沈永德拿自己能够到的一切往沈安柔身上扔去。

病房里一阵鸡飞狗跳。

同病房有人实在看不下去,“孩子还这么小,犯了错,口头教育就行,至于动手体罚吗?”

病人亲属看向地板上的一片狼藉,“再说了,把病房弄这么乱,谁收拾啊?”

这才拉回了沈永德为数不多的理智。

他喘着粗气,伸手颤颤巍巍指着沈安柔,没注意又呕出了一口鲜血。

“姜,姜书兰呢?她怎么不过来照顾我?”

一听到那个女人的名字,沈安柔就咬牙切齿。

她计上心来,抹着眼泪哭诉道。

“她根本就不想管你,听见你出事了,就把自己撇得一干二净,我去要钱,还把我从院子里赶出来了。”

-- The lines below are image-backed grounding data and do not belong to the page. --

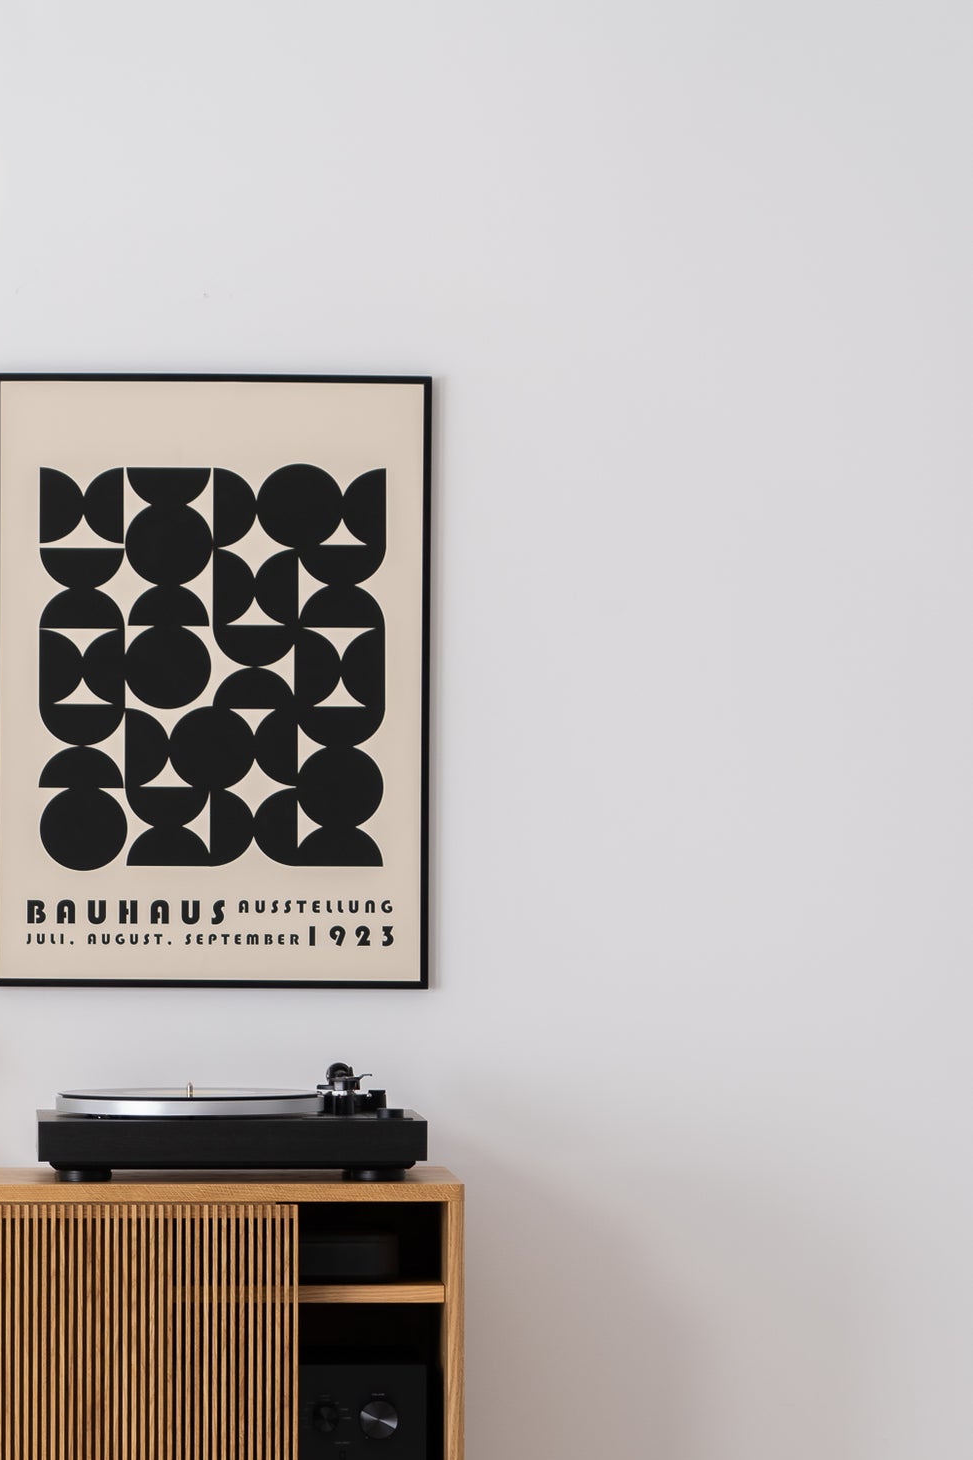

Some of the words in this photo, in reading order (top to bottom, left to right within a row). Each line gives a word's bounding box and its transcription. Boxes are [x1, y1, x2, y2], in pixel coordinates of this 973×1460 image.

[26, 899, 226, 925] BAUHAUS
[238, 899, 393, 914] AUSSTELLUNG
[184, 933, 300, 946] SEPTEMBER
[308, 925, 396, 947] 1923
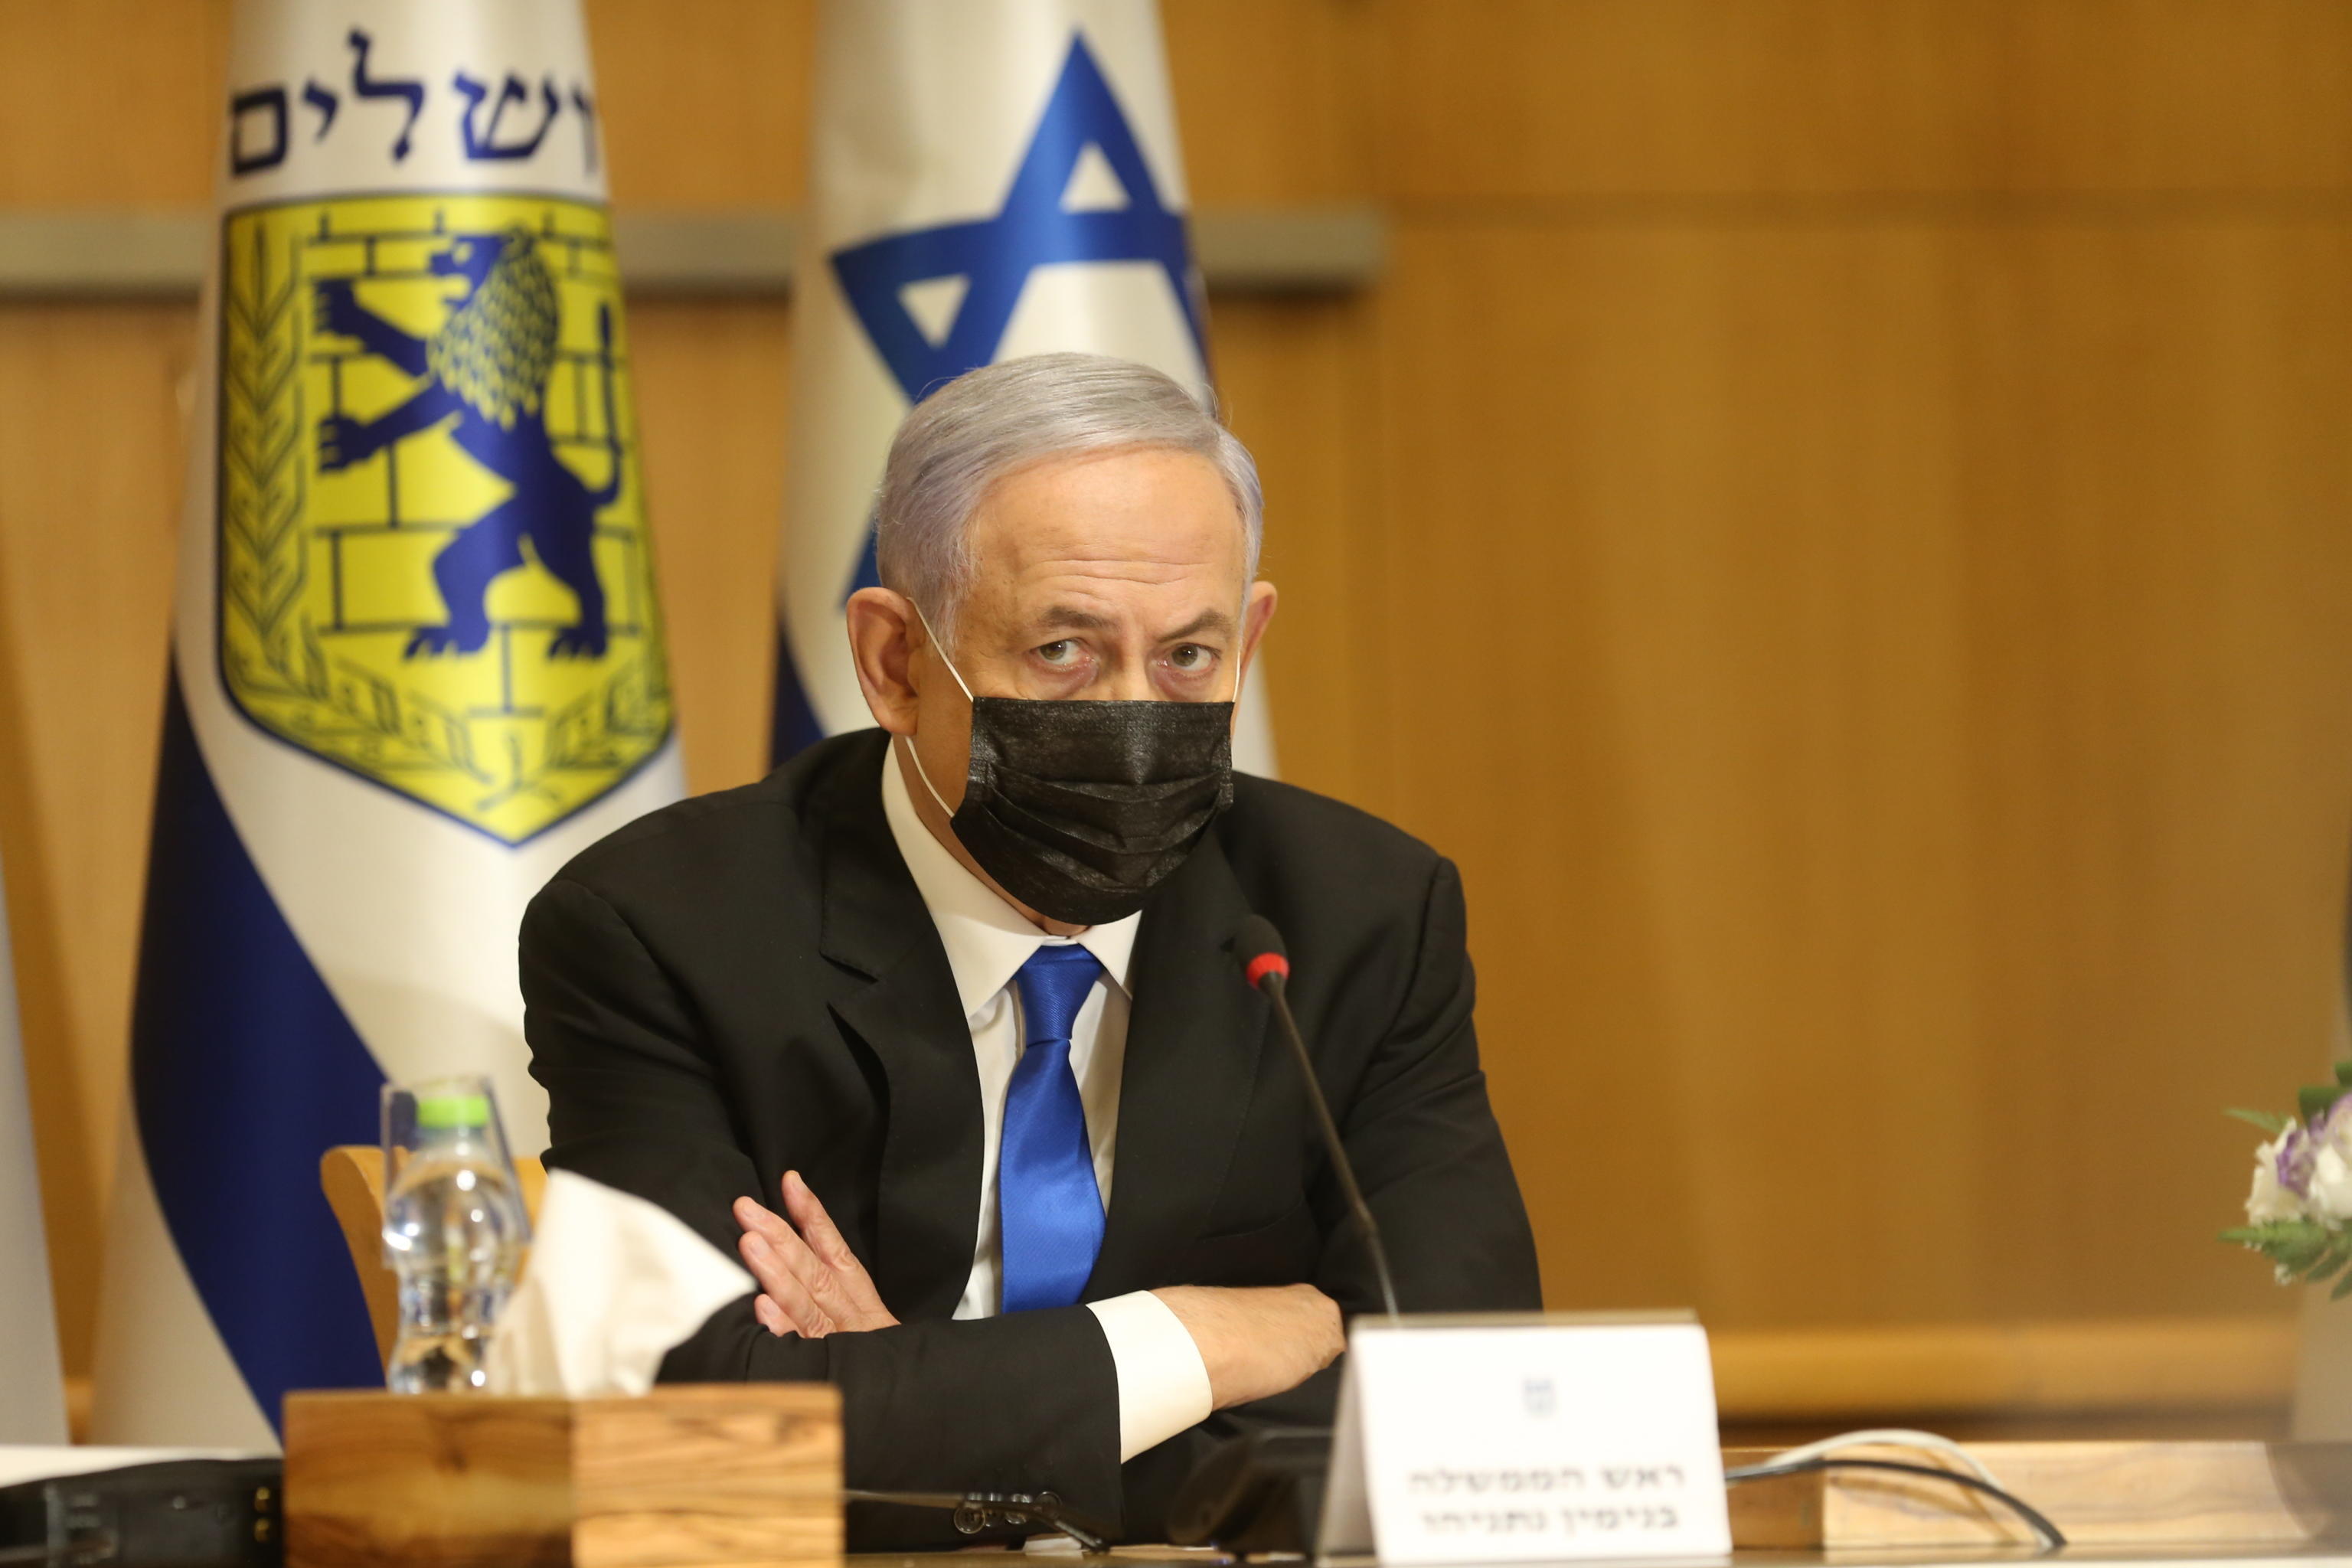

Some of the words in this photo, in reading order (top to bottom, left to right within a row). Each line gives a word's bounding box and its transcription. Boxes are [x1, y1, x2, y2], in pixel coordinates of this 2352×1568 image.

沈安柔伸手比划,“咱们在这里受罪,她在家吃了个这么大的西瓜!”

沈永德差点呼吸不上来。

他的肝脏一阵一阵作痛,像是从里到外直接烂掉了。

“那,潘洁呢?”

沈安柔就害怕这个麻烦到最后砸到自己亲妈手里,想也不想就出口搪塞。

“我妈不方便。”

“不方便个屁!”沈永德咽下嘴里涌出的一口血,“你去找她要医药费,再找个护工来伺候老子!”

他脸色青紫,视线如同恶鬼一样盯着沈安柔。

“她生了个糟心女儿,害我住院,她怎么也跟没事人一样,到现在连个面都不露!”